Recursos livres lideram participação no crédito rural

Entre as fontes de recursos utilizadas para financiar o agronegócio brasileiro, os Recursos Livres continuam sendo a principal modalidade, respondendo por 41% do total contratado.

Na sequência aparecem:

  • Recursos Obrigatórios: 23%;
  • Letras de Crédito do Agronegócio (LCA): 13%;
  • Fundos Constitucionais: 10%;
  • Poupança Rural: 9%;
  • Recursos do BNDES: 7%;
  • Outras fontes: 2%.

O levantamento demonstra a crescente relevância dos instrumentos privados de financiamento, especialmente em um cenário de maior restrição orçamentária para os programas oficiais de crédito rural.

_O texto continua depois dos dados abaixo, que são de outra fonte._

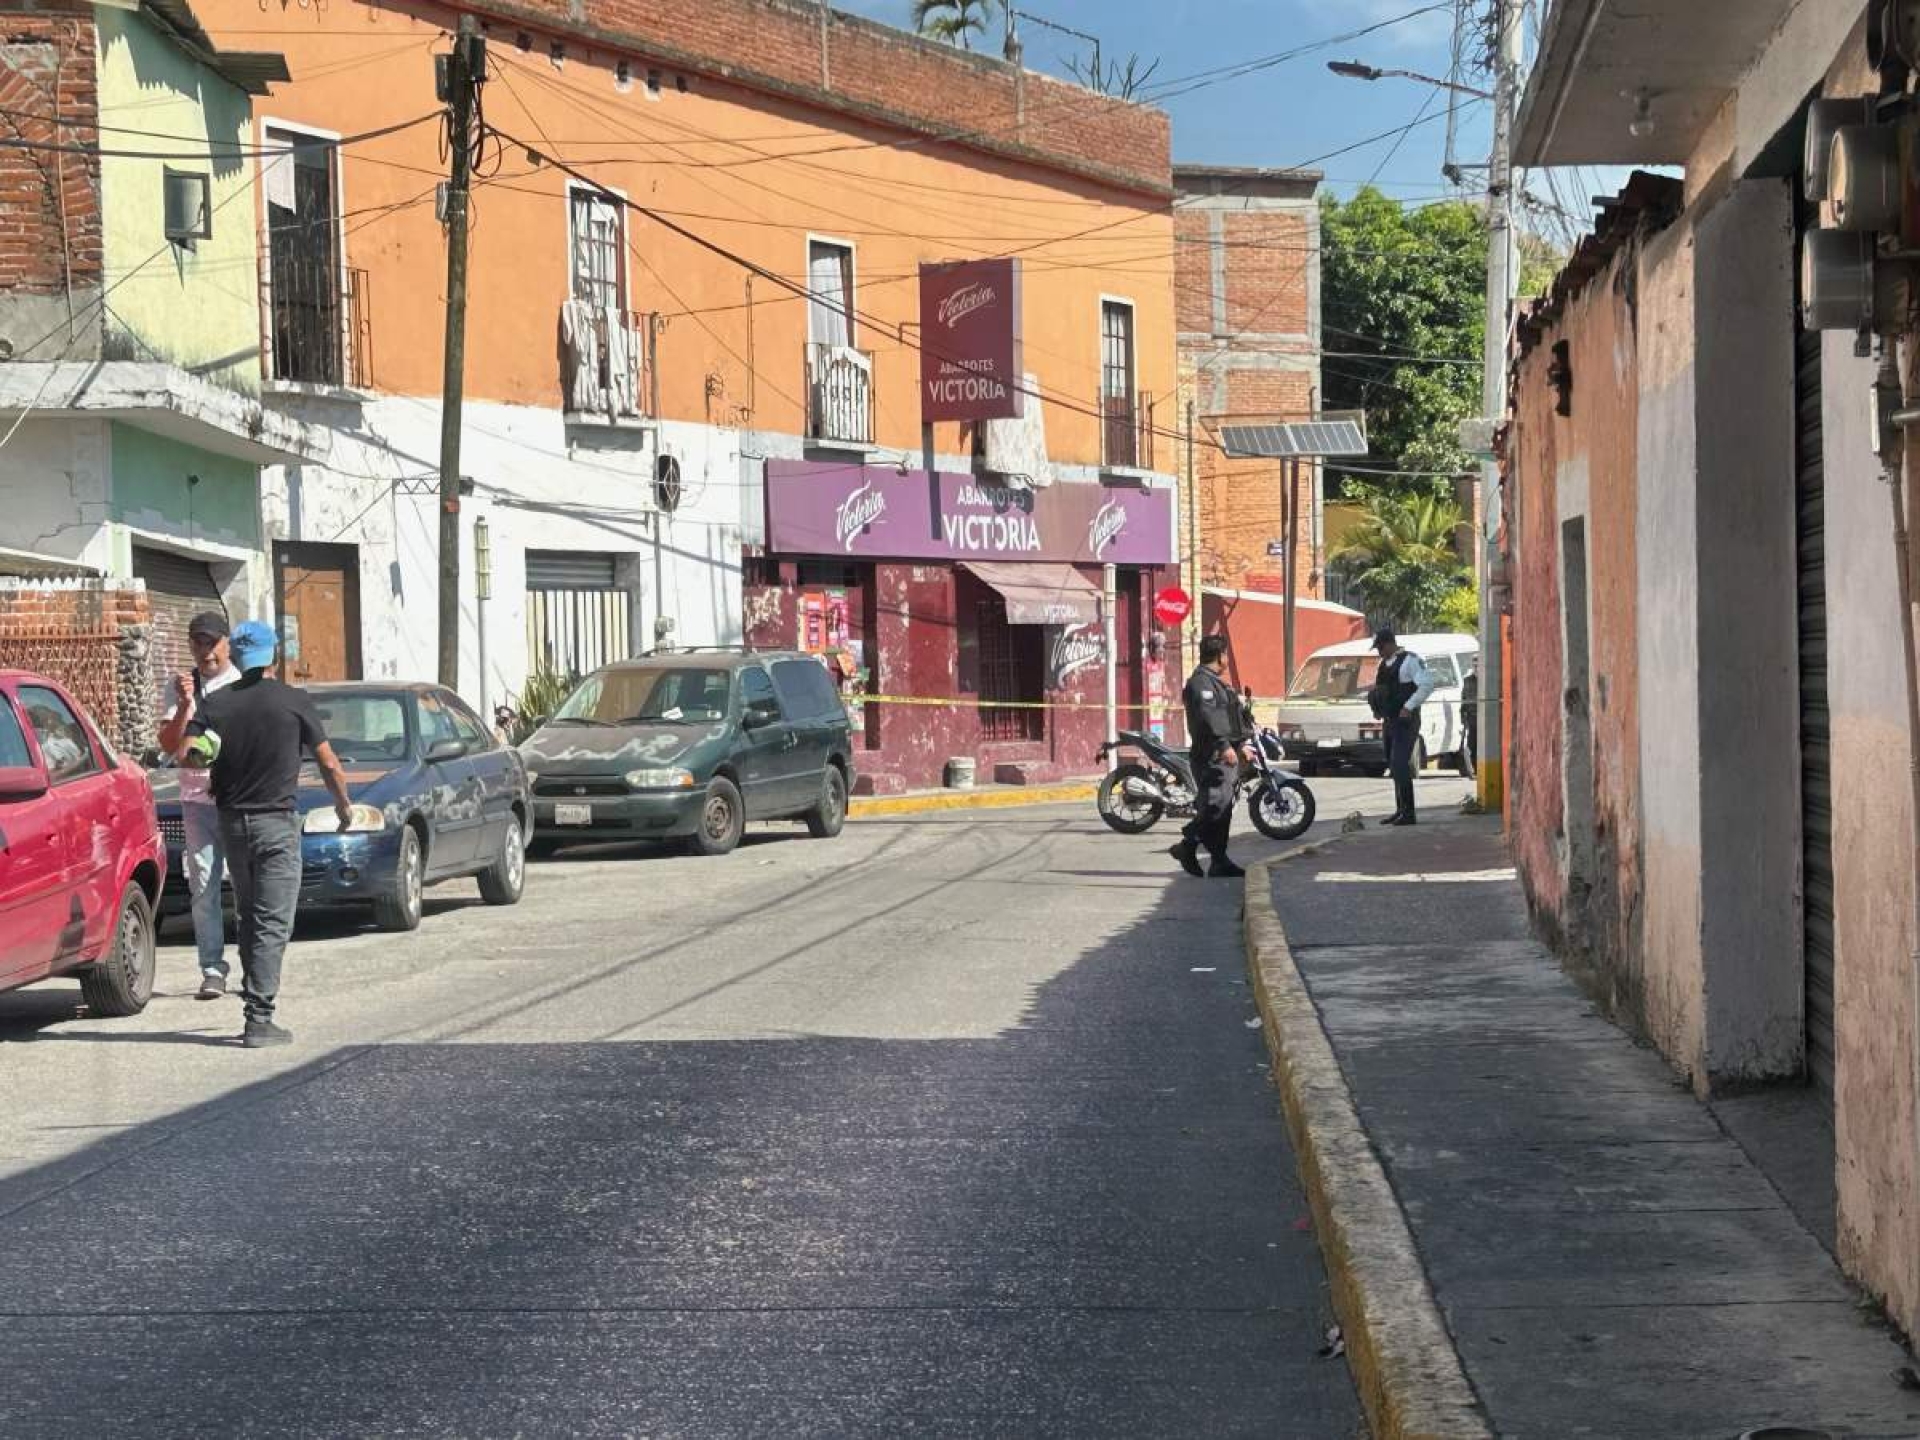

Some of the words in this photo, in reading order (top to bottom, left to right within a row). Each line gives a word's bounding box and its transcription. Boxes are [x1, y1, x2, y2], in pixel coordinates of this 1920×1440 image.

[936, 281, 996, 329] Victoria
[929, 378, 1006, 403] VICTORIA
[836, 479, 886, 551] Victoria
[943, 513, 1042, 551] VICTORIA
[1089, 496, 1127, 561] Victoria
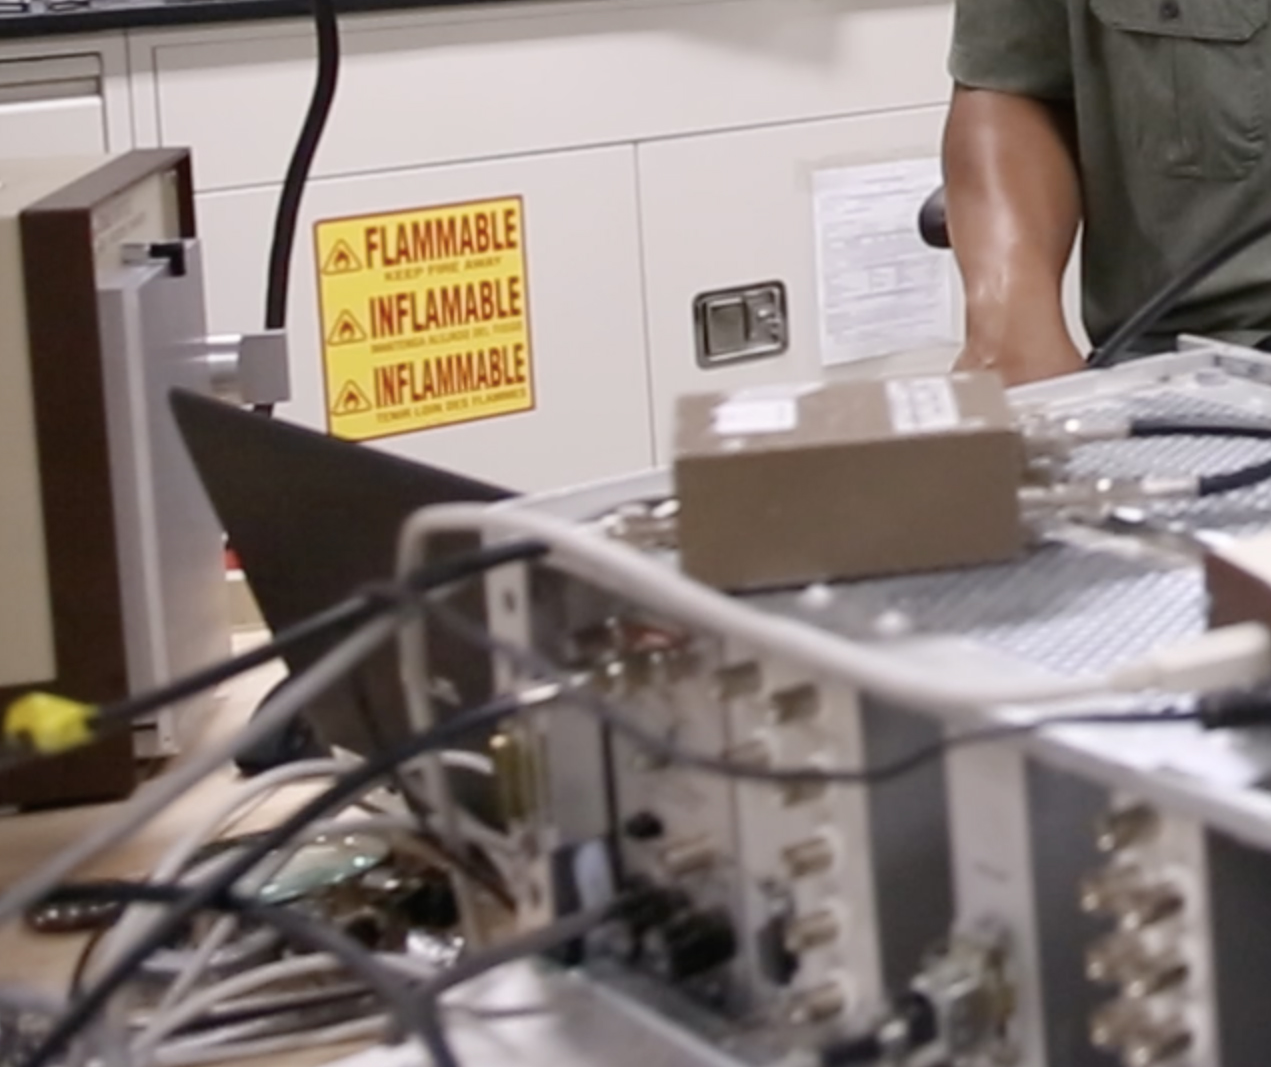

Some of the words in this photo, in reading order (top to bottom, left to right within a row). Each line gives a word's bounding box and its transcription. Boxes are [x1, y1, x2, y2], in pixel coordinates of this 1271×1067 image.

[365, 208, 518, 269] FLAMMABLE
[384, 266, 424, 281] KEEP
[428, 260, 460, 275] FIRE
[464, 256, 502, 270] AWAY
[369, 276, 522, 340] INFLAMABLE
[374, 343, 526, 409] INFLAMMABLE
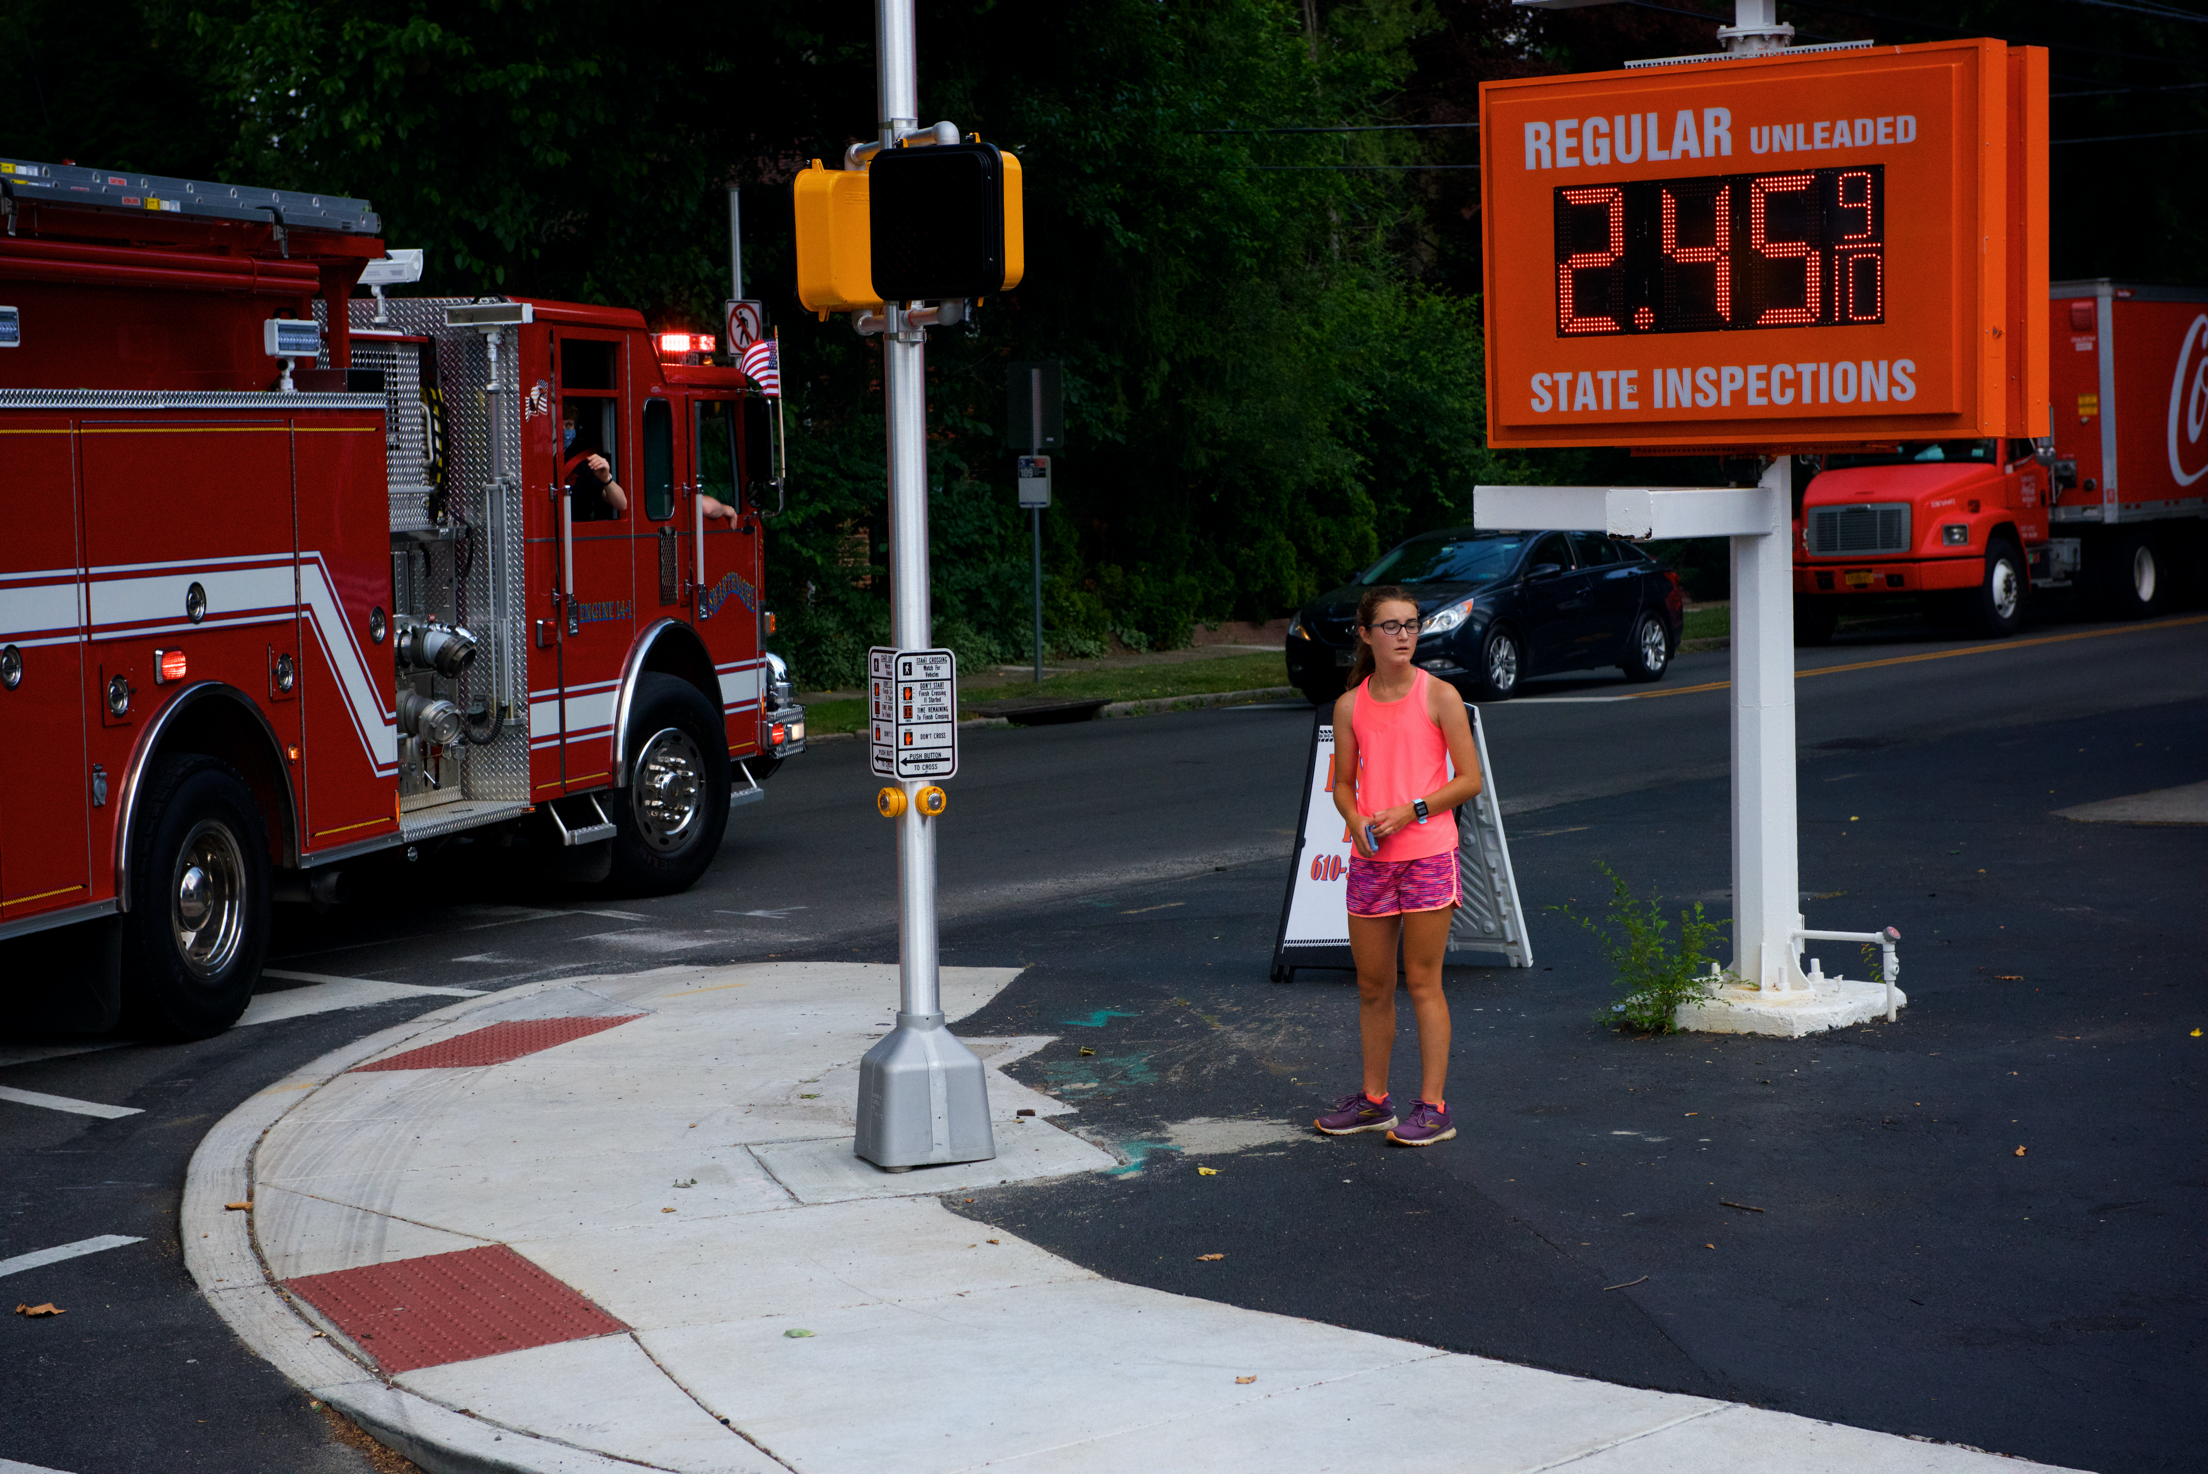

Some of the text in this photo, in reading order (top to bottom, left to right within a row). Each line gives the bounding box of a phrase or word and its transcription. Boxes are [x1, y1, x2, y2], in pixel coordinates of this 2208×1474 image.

[1524, 107, 1917, 170] REGULAR UNLEADED
[1559, 174, 1819, 333] 2.45
[1530, 358, 1917, 413] STATE INSPECTIONS
[1020, 468, 1034, 478] 109
[579, 599, 632, 623] ENGINE 14-1

Cooperativas movimentam mais de R$ 42 bilhões

As cooperativas agropecuárias brasileiras mantêm participação expressiva na contratação de recursos do Plano Safra.

Entre julho de 2025 e maio de 2026, o segmento contratou aproximadamente R$ 42,45 bilhões em financiamentos rurais.

O Paraná segue como protagonista nacional nesse mercado. As cooperativas paranaenses responderam por cerca de R$ 15,65 bilhões em operações de crédito, o equivalente a aproximadamente 37% de todo o volume contratado pelas cooperativas brasileiras.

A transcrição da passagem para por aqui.